Transcribe the records exactly from the line with "this 1428×1428 image." to the end, both included.

= = = = =

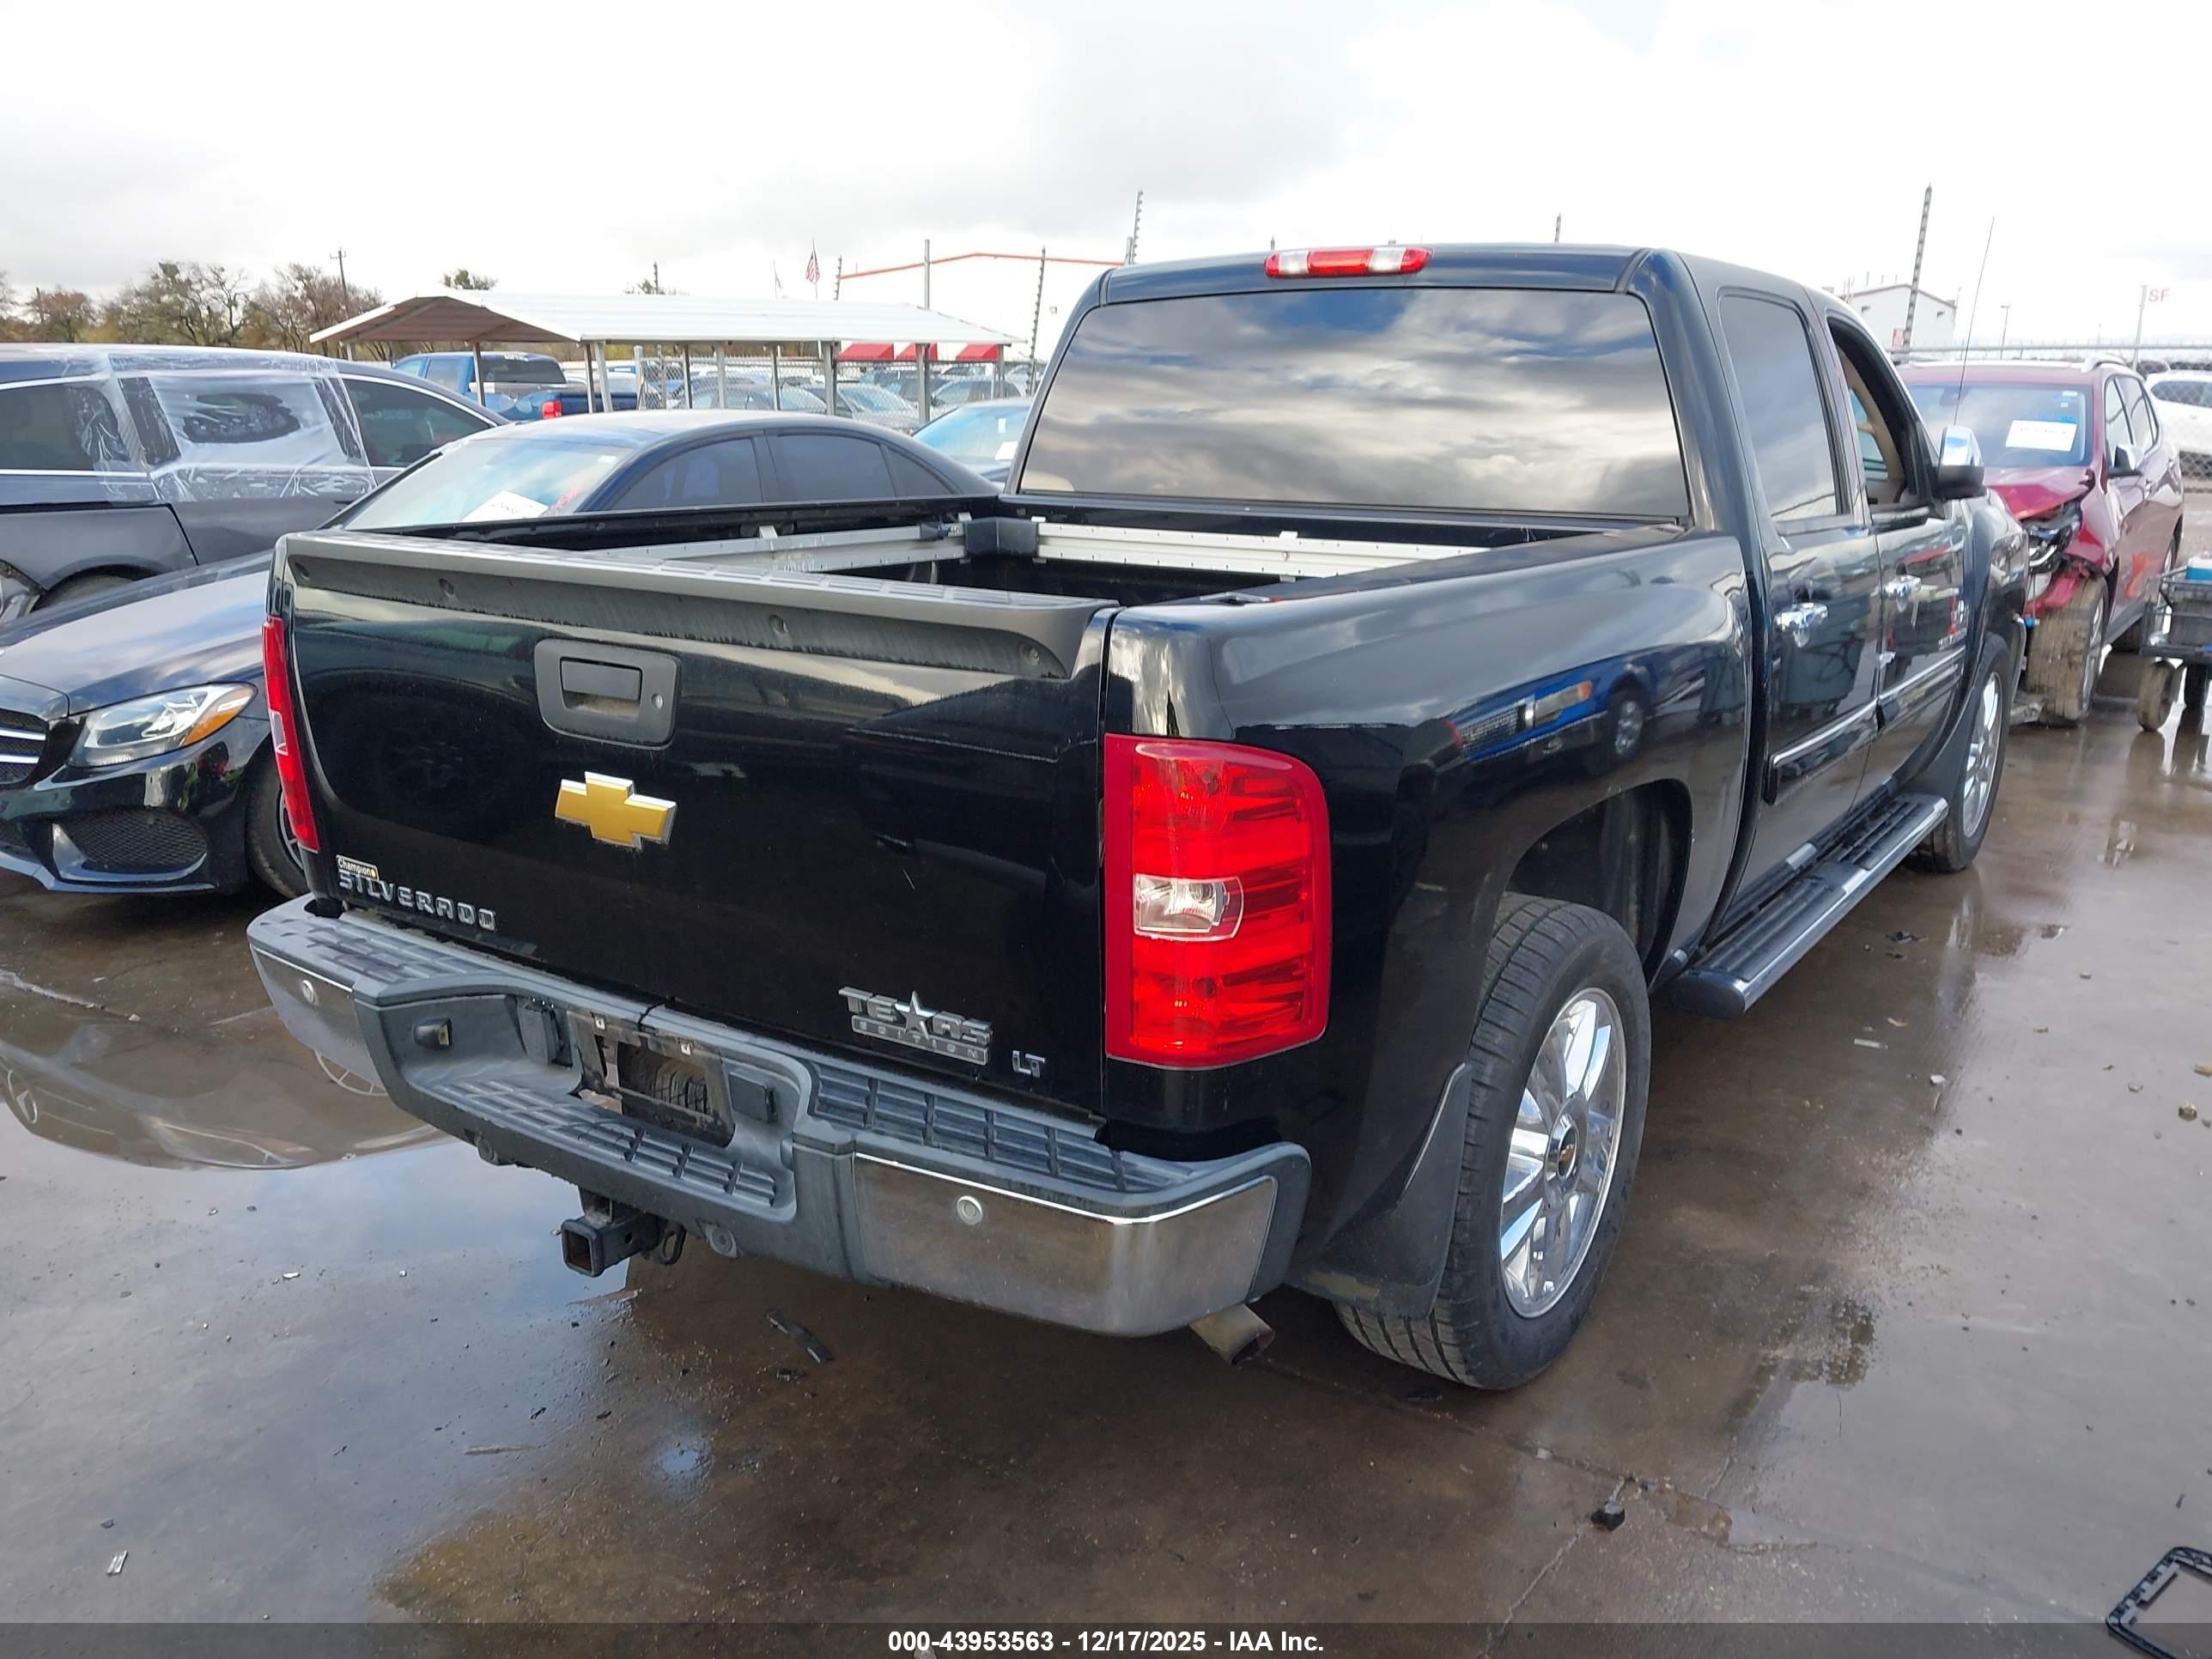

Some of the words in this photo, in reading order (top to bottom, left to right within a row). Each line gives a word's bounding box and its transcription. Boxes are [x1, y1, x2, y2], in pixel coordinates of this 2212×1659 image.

[337, 858, 372, 877] Champion
[338, 872, 496, 931] SILVERADO
[1012, 1049, 1046, 1078] LT
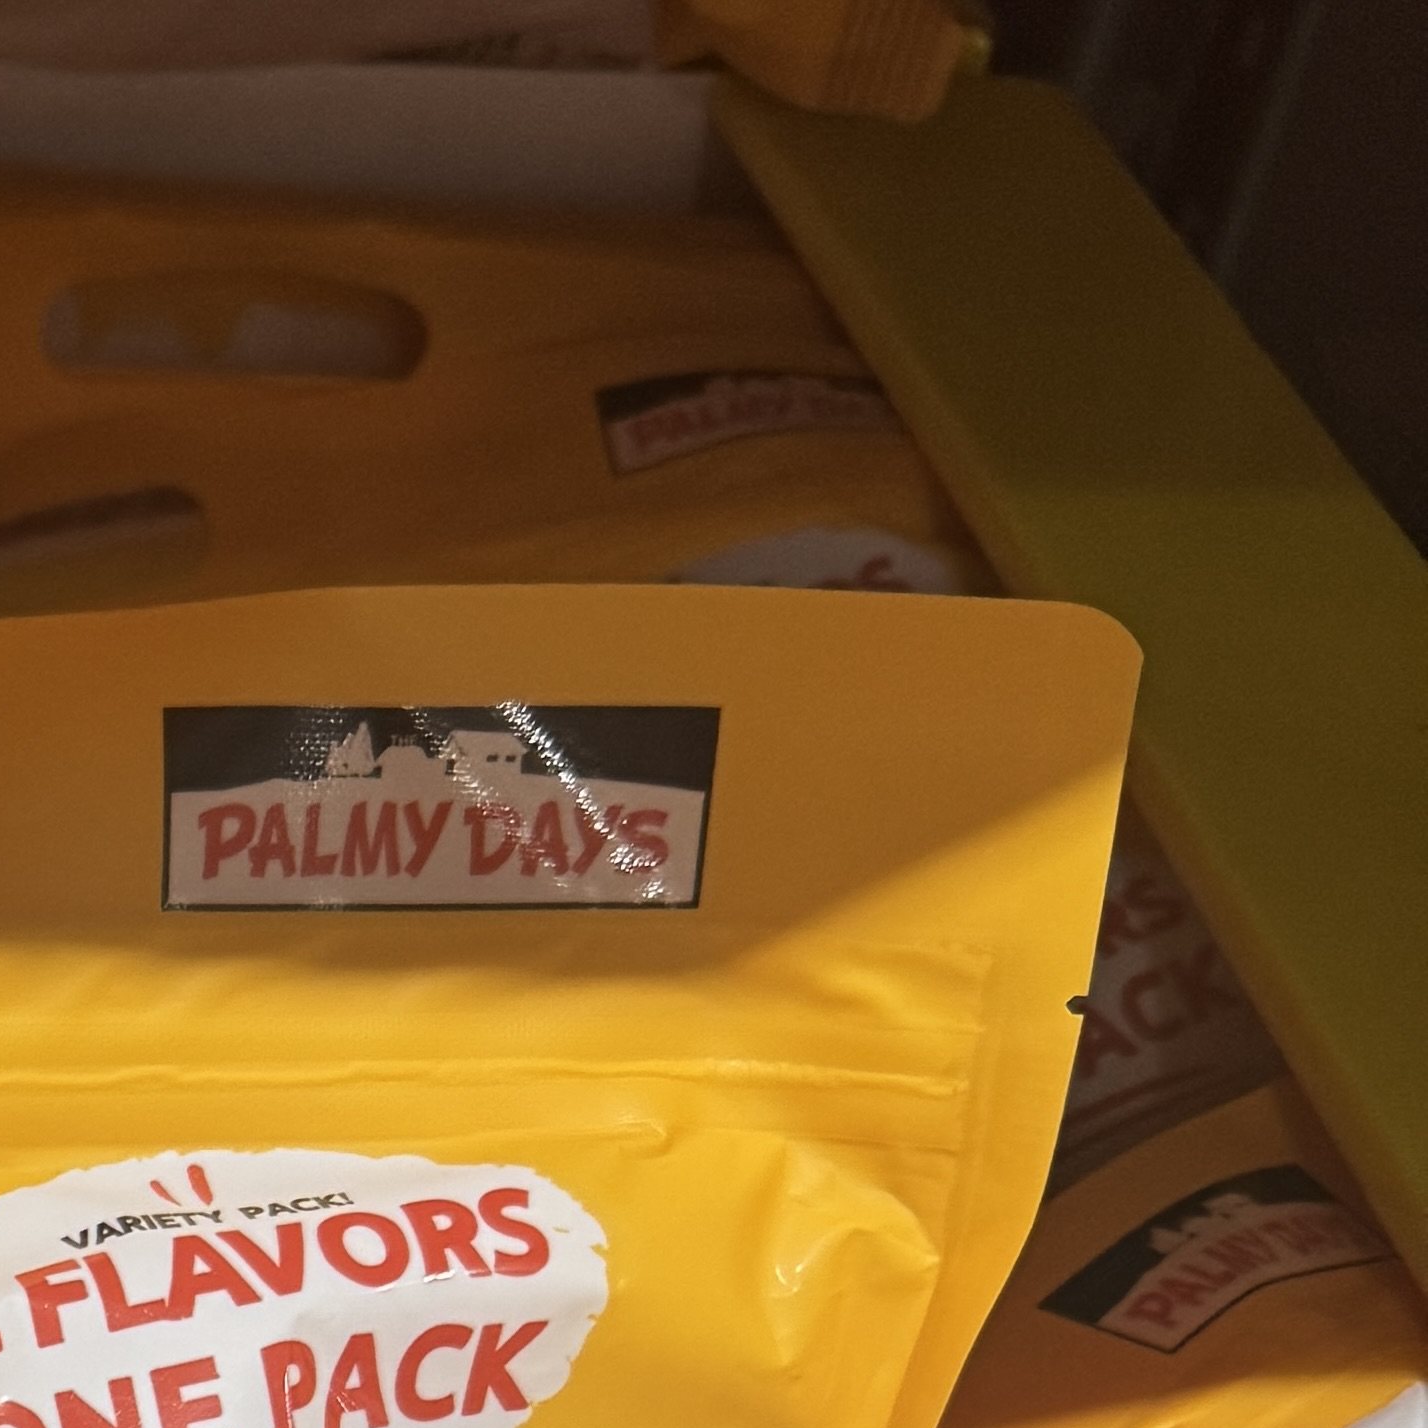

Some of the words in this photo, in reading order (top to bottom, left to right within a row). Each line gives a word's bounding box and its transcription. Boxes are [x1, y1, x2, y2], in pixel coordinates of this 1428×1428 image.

[197, 800, 454, 880] PALMY
[464, 800, 670, 877] DAYS
[60, 1209, 225, 1251] VARIETY
[239, 1191, 356, 1222] PACK!
[15, 1187, 550, 1349] FLAVORS

= = = = =

### RESULT OF THE TASK
Some of the words in this photo, in reading order (top to bottom, left to right within a row). Each line gives a word's bounding box and its transcription. Boxes are [x1, y1, x2, y2], in pixel coordinates of this 1428×1428 image.

[197, 800, 454, 880] PALMY
[464, 800, 670, 877] DAYS
[60, 1209, 225, 1251] VARIETY
[239, 1191, 356, 1222] PACK!
[15, 1187, 550, 1349] FLAVORS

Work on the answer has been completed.